RECORDS TO USE Block Start

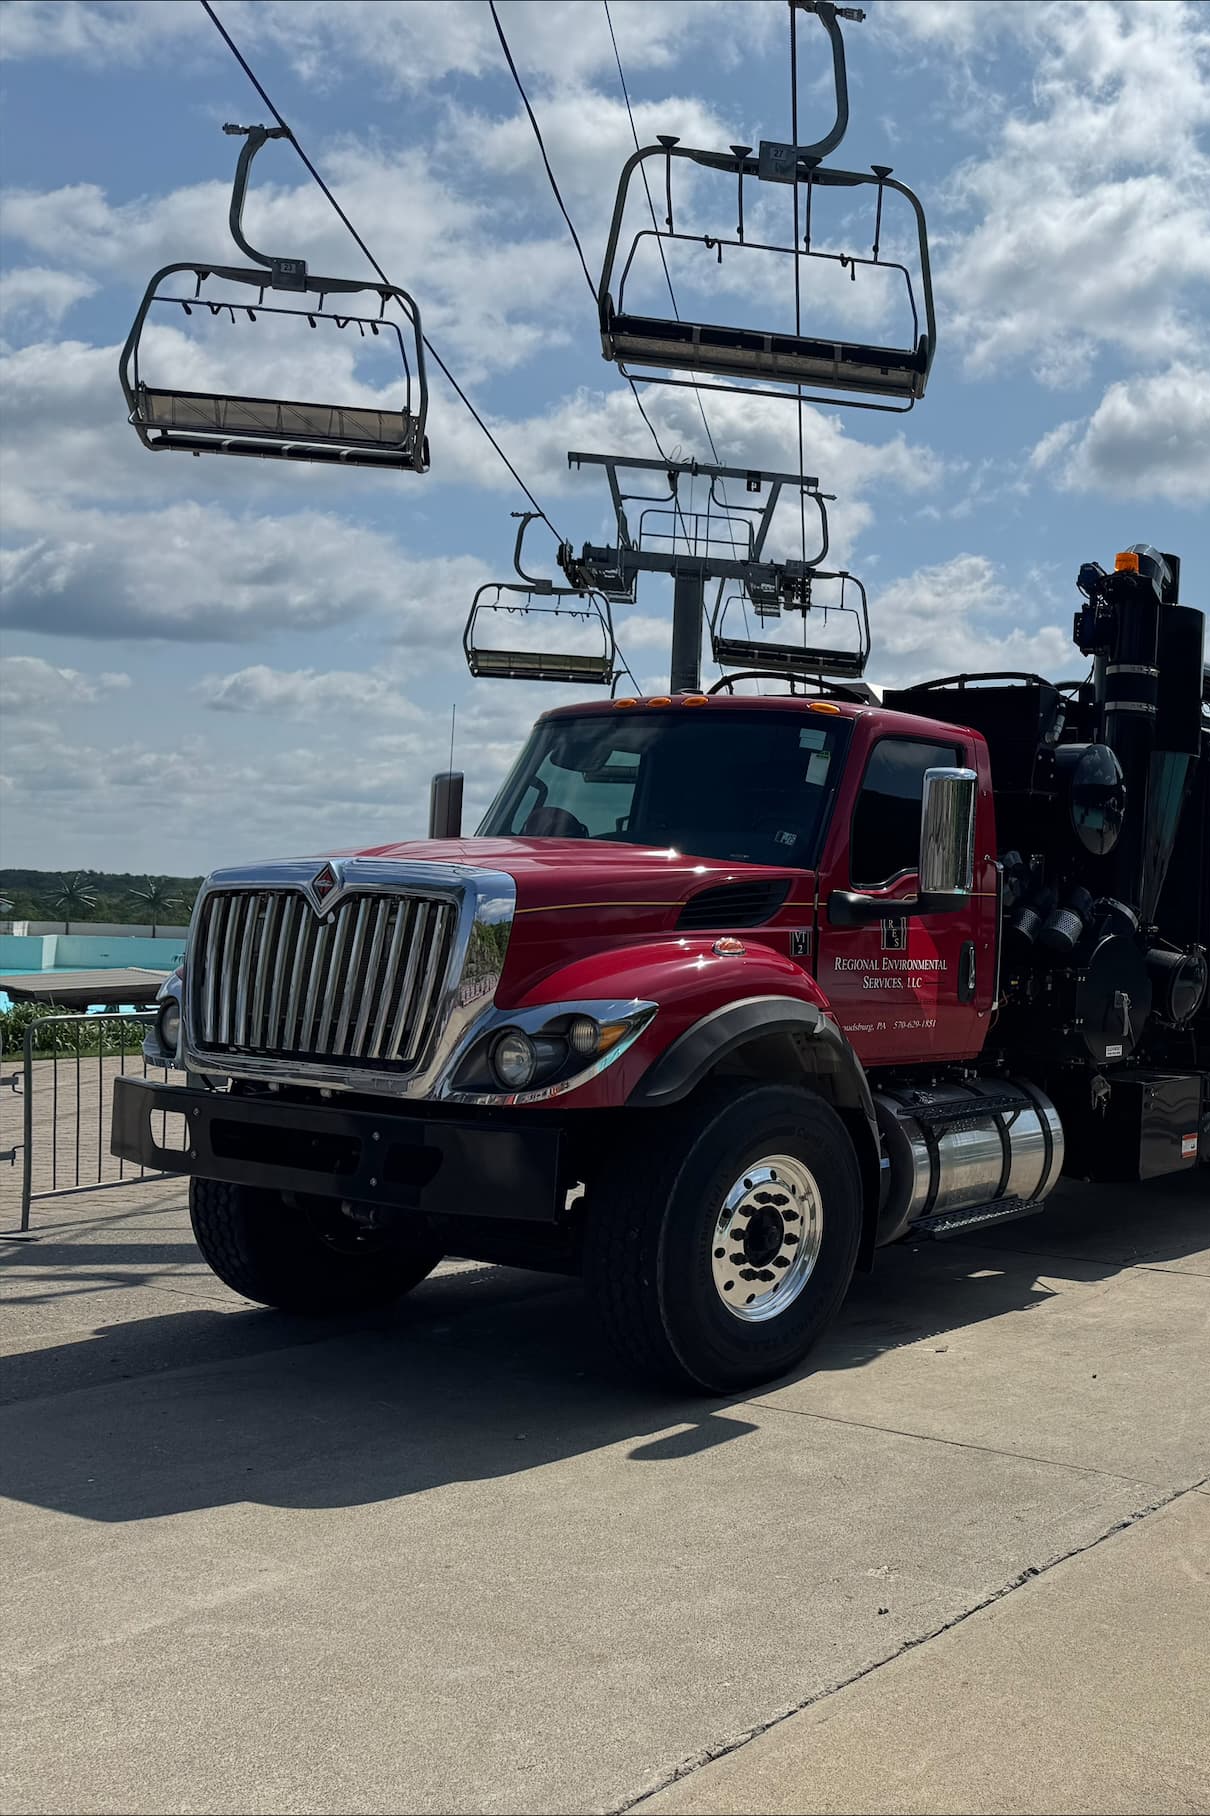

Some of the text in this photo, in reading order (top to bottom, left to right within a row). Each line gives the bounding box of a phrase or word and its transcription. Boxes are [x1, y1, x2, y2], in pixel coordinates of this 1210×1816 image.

[797, 944, 804, 954] 2
[834, 957, 948, 970] REGIONAL ENVIRONMENTAL
[863, 975, 923, 989] SERVICES, LLC
[876, 1021, 887, 1031] PA
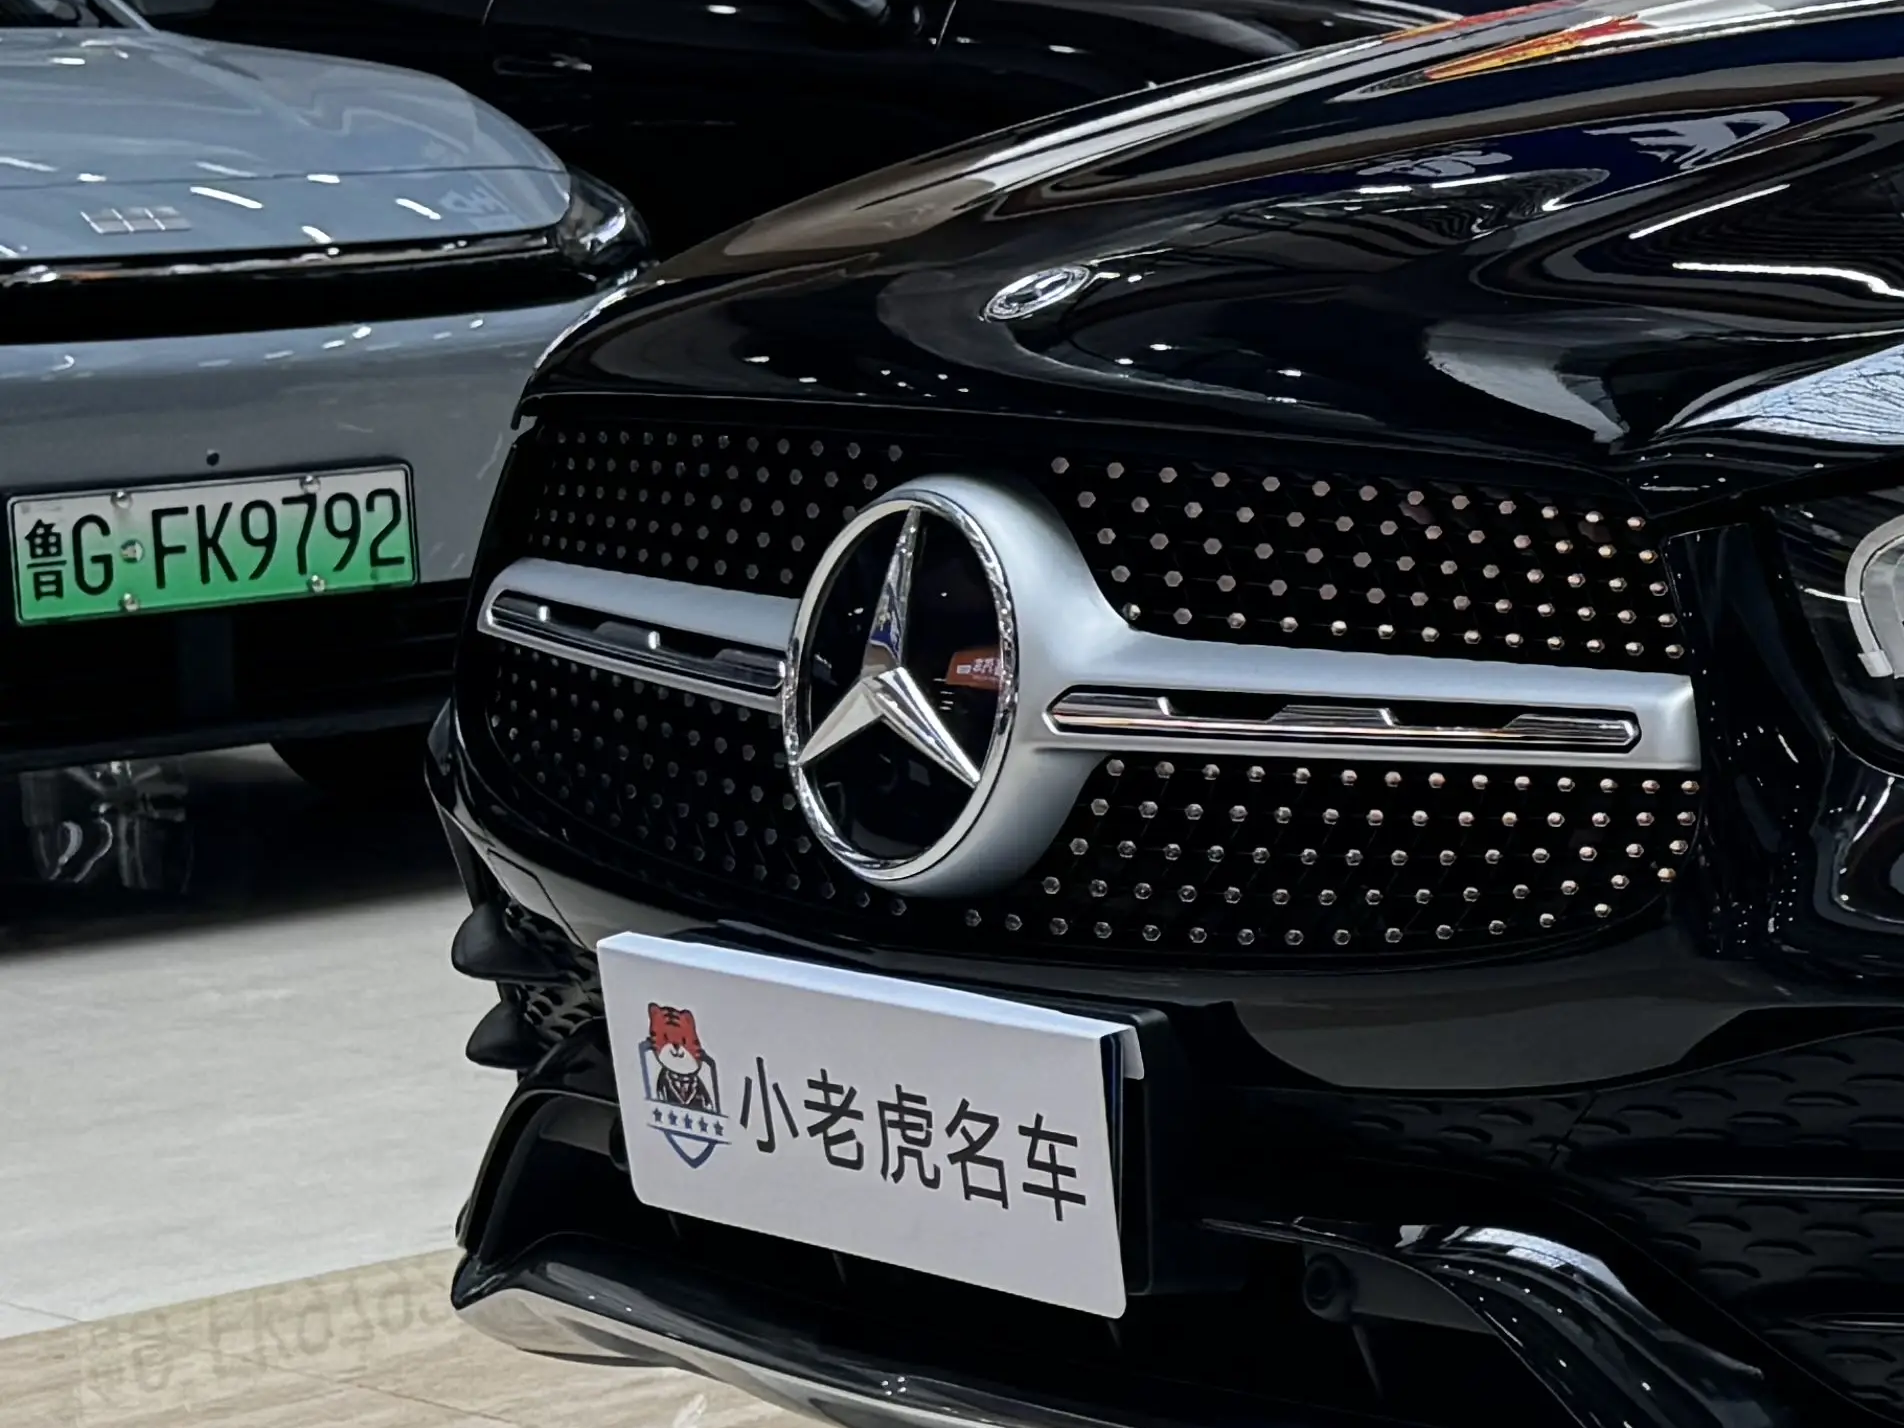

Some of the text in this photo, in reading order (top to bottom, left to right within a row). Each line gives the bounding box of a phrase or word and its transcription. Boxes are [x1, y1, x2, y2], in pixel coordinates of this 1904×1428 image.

[739, 1056, 1087, 1222] 小老虎名车

RECORDS TO USE Block End

__YOUR TASK__
In the copy, include every line of the entries above exactly and none of the pictures.

__SOLUTION BELOW__
Some of the text in this photo, in reading order (top to bottom, left to right within a row). Each line gives the bounding box of a phrase or word and its transcription. Boxes are [x1, y1, x2, y2], in pixel coordinates of this 1210×1816 image.

[797, 944, 804, 954] 2
[834, 957, 948, 970] REGIONAL ENVIRONMENTAL
[863, 975, 923, 989] SERVICES, LLC
[876, 1021, 887, 1031] PA

Some of the text in this photo, in reading order (top to bottom, left to right within a row). Each line gives the bounding box of a phrase or word and its transcription. Boxes are [x1, y1, x2, y2], in pixel coordinates of this 1904×1428 image.

[739, 1056, 1087, 1222] 小老虎名车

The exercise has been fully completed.